Data residency constraints decide the rest. When a regulation requires that crawled data never leave a specific jurisdiction, and no managed vendor operates inside it, you have no compliant option but to run the crawl yourself. Confirm the vendor's regional coverage against your legal requirements before you commit.
Outside these three cases, the cost math from the earlier sections favors switching. If your crawler hits one of them, run it deliberately and move everything else to a managed API.
FAQs
What is a web crawling API and how does it differ from a scraping library? A web crawling API is a managed endpoint that fetches pages, renders JavaScript, defeats anti-bot defenses, and returns structured data, all without you running any infrastructure. Context.dev exposes this as a single API for scraping, crawling, and structured delivery. A scraping library like Scrapy or BeautifulSoup gives you the parsing logic but leaves proxy management, rendering, and unblocking entirely on your team.
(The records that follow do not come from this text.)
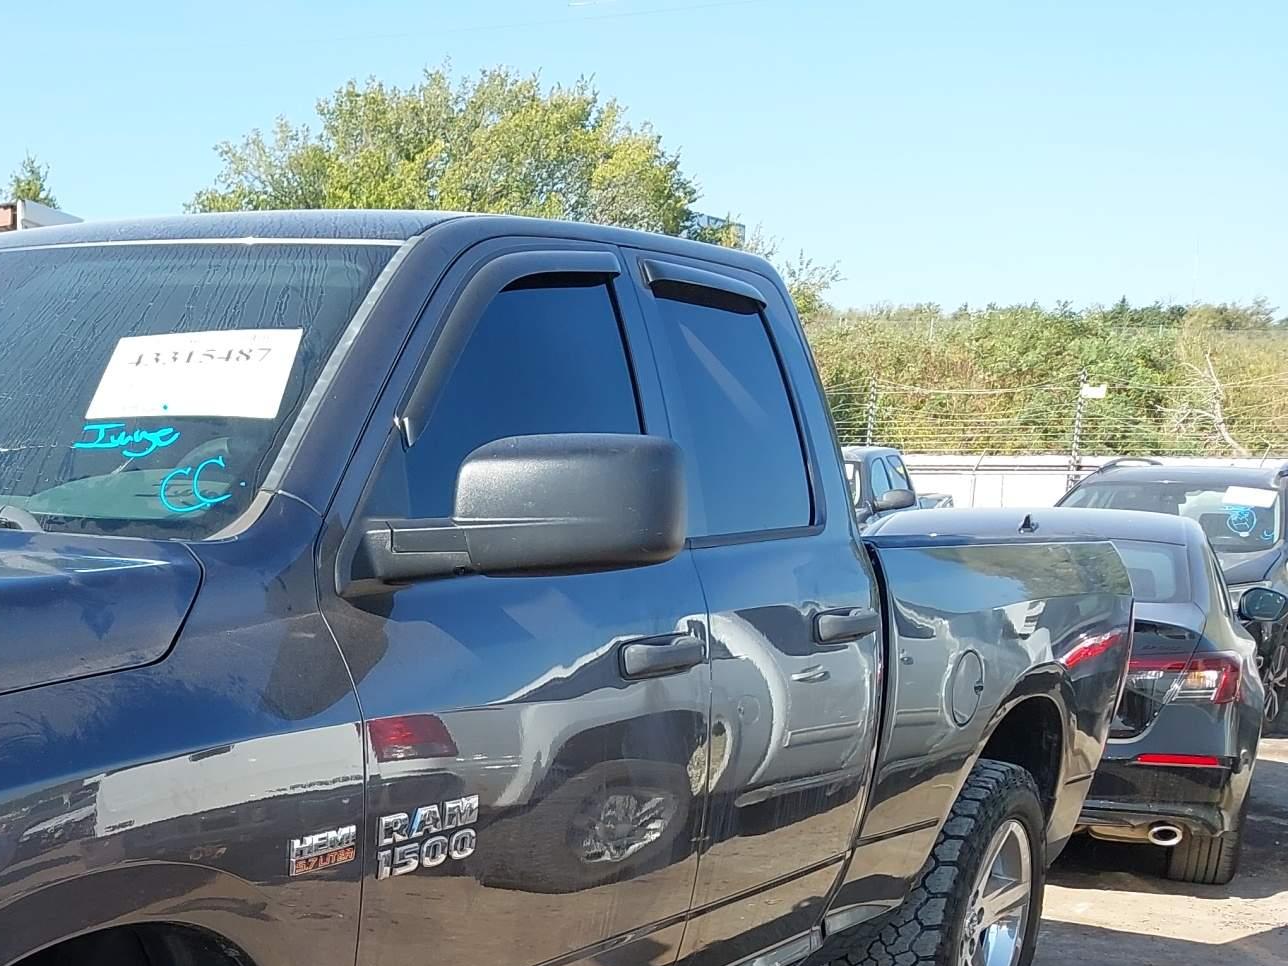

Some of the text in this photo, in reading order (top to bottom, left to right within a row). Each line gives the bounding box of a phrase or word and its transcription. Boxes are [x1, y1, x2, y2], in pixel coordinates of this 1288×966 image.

[127, 346, 273, 367] 43315487
[377, 794, 480, 847] RAM
[291, 825, 356, 859] HEMI
[377, 828, 478, 881] 1500
[295, 847, 355, 874] 5.7 LITER
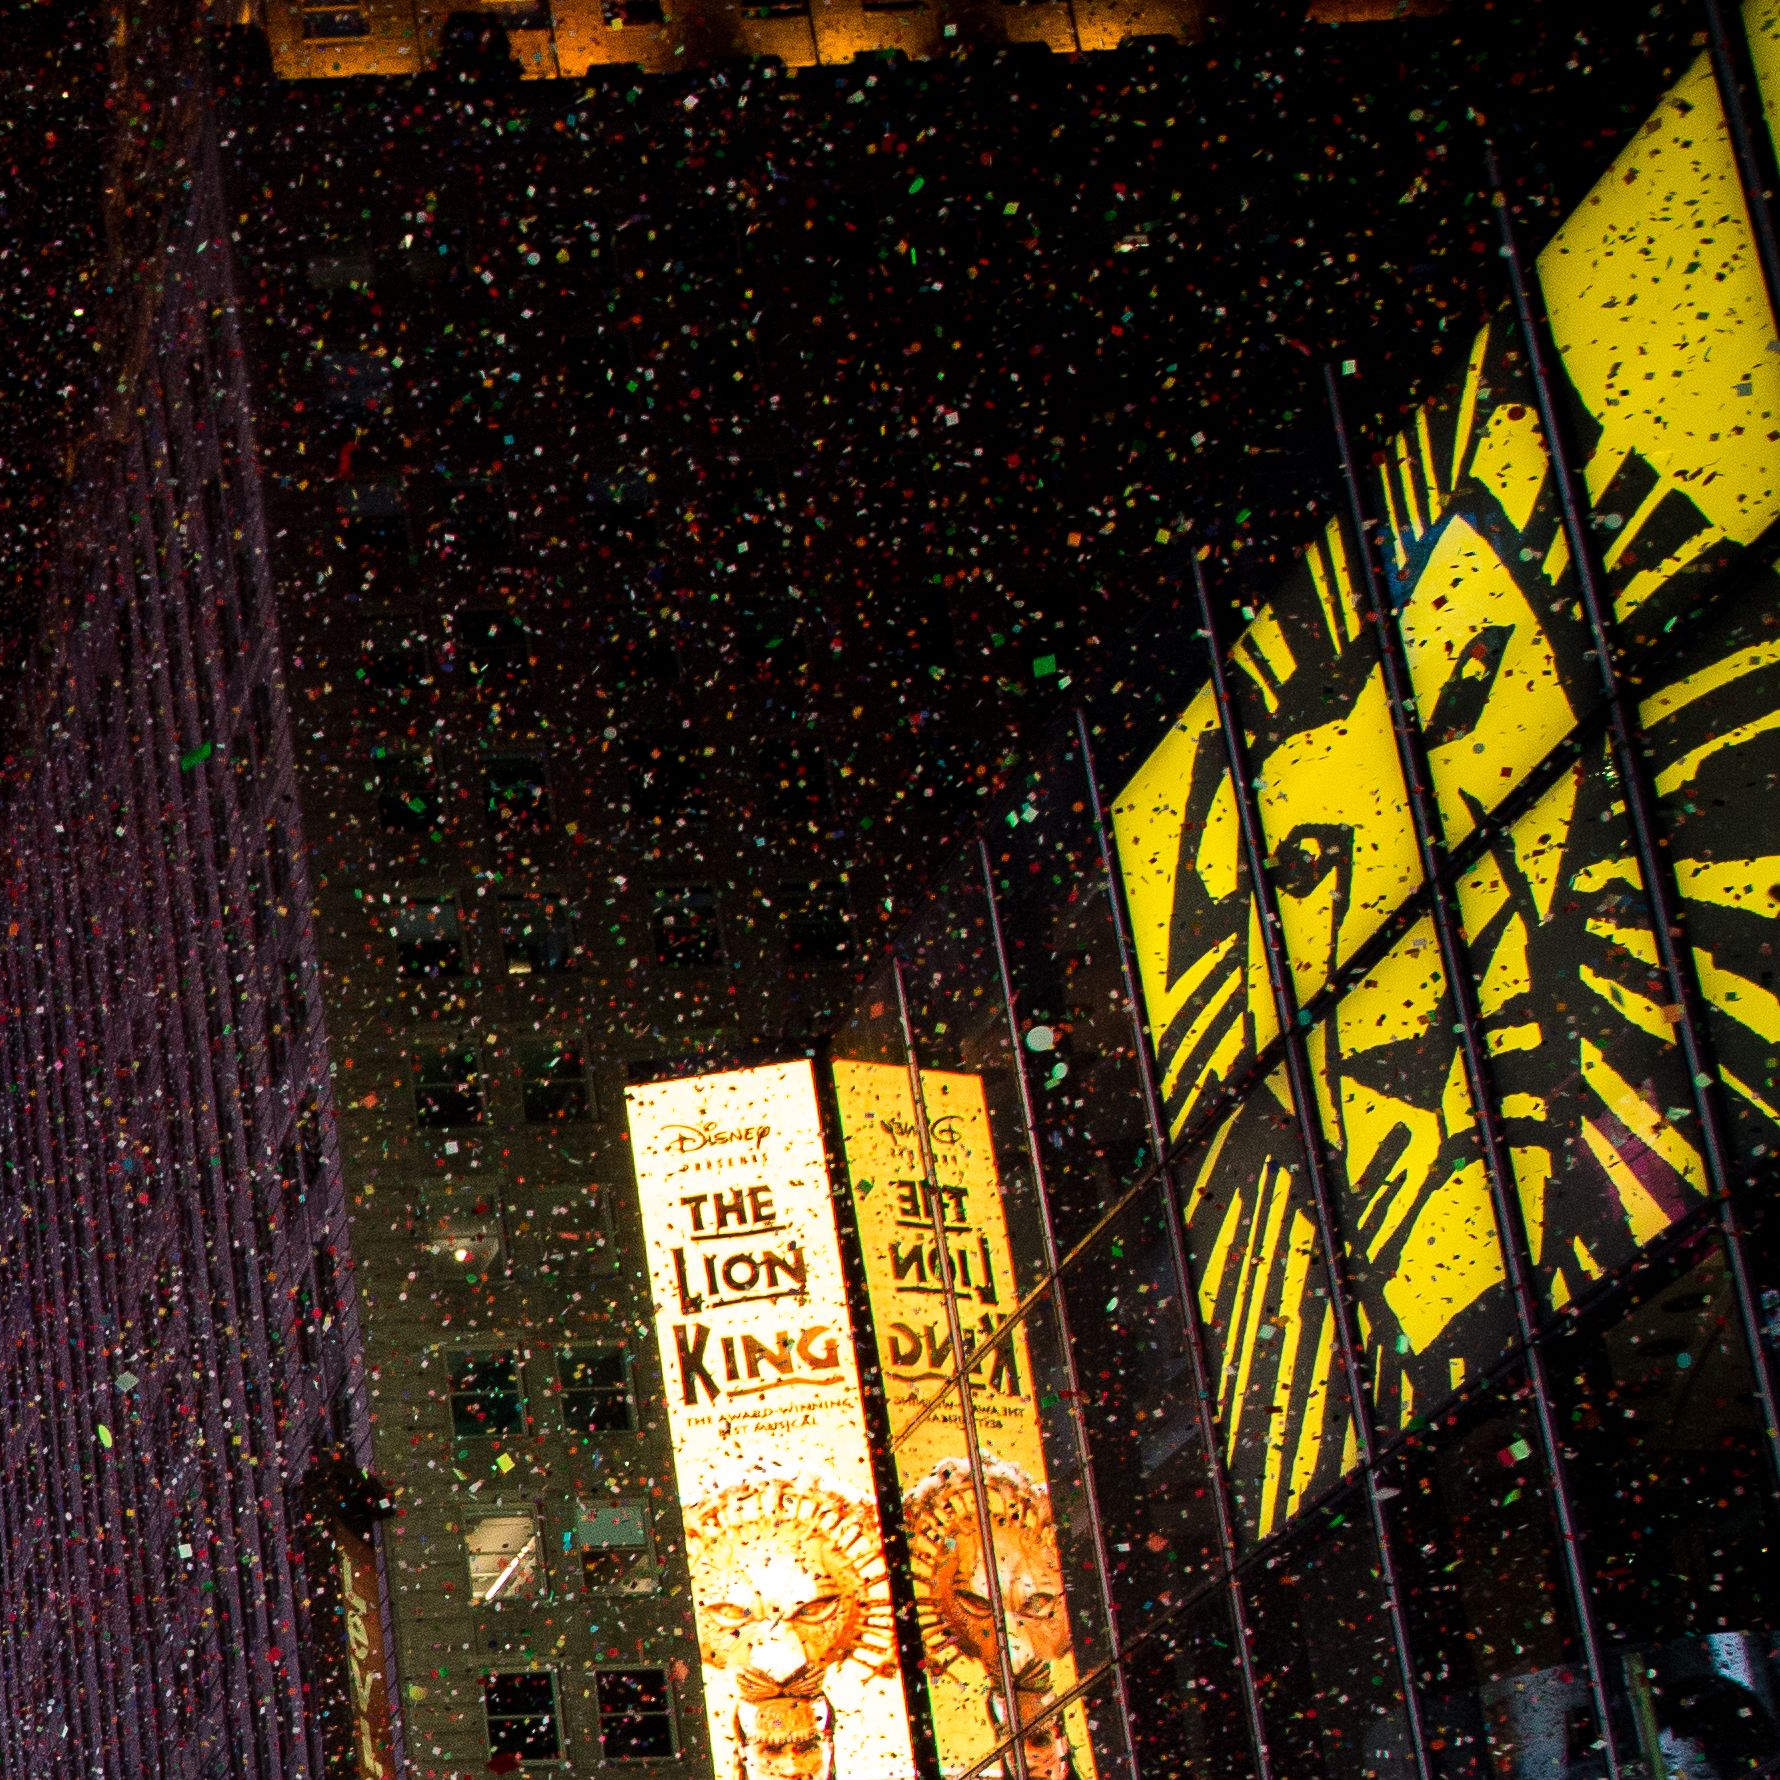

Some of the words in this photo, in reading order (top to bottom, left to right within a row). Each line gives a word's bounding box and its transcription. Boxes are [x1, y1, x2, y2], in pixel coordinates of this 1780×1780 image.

How long does migration from an internal crawler take? Most migrations run two to four weeks when you audit, parallel-test, and cut over in stages. PromptCloud reports managed onboarding with a data sample by days three to seven and cutover by day fifteen to thirty. Context.dev's single API removes the schema-mapping and proxy-decommissioning work that stretches DIY rebuilds across months.
What does LLM-ready output mean in practice? LLM-ready output means clean JSON or Markdown that drops straight into a prompt or embedding pipeline without regex cleanup or boilerplate stripping. Context.dev returns this format by default and integrates over MCP, so an agent can call it directly. Tools like Zyte and Oxylabs return structured JSON for specific verticals but list MCP support as custom rather than native.
How do these APIs handle JavaScript-heavy sites? Enterprise crawling APIs render pages in headless browser fleets to execute JavaScript before extraction. Proxyway's 2025 benchmark found only Zyte, Bright Data, and Oxylabs cleared 80% success across fifteen heavily protected sites. Context.dev renders dynamic pages and returns the parsed result as clean structured output for downstream AI consumption.
What SLAs do enterprise crawling APIs offer? Enterprise tiers typically guarantee uptime, success-rate floors, and support response times, with results-based billing from vendors like Oxylabs that charges only on successful delivery. Context.dev pairs reliability with zero infrastructure for you to monitor, which removes the silent-failure risk internal crawlers carry.
Is managed API pricing actually cheaper than self-hosted at scale? For most teams, yes. Self-hosting 500K pages a month runs roughly $42,000 a year once you count 480 developer hours, while Zyte lands near $16,500. Context.dev removes the 30-40% senior-engineering maintenance tax that internal crawlers impose, which is where the real savings come from.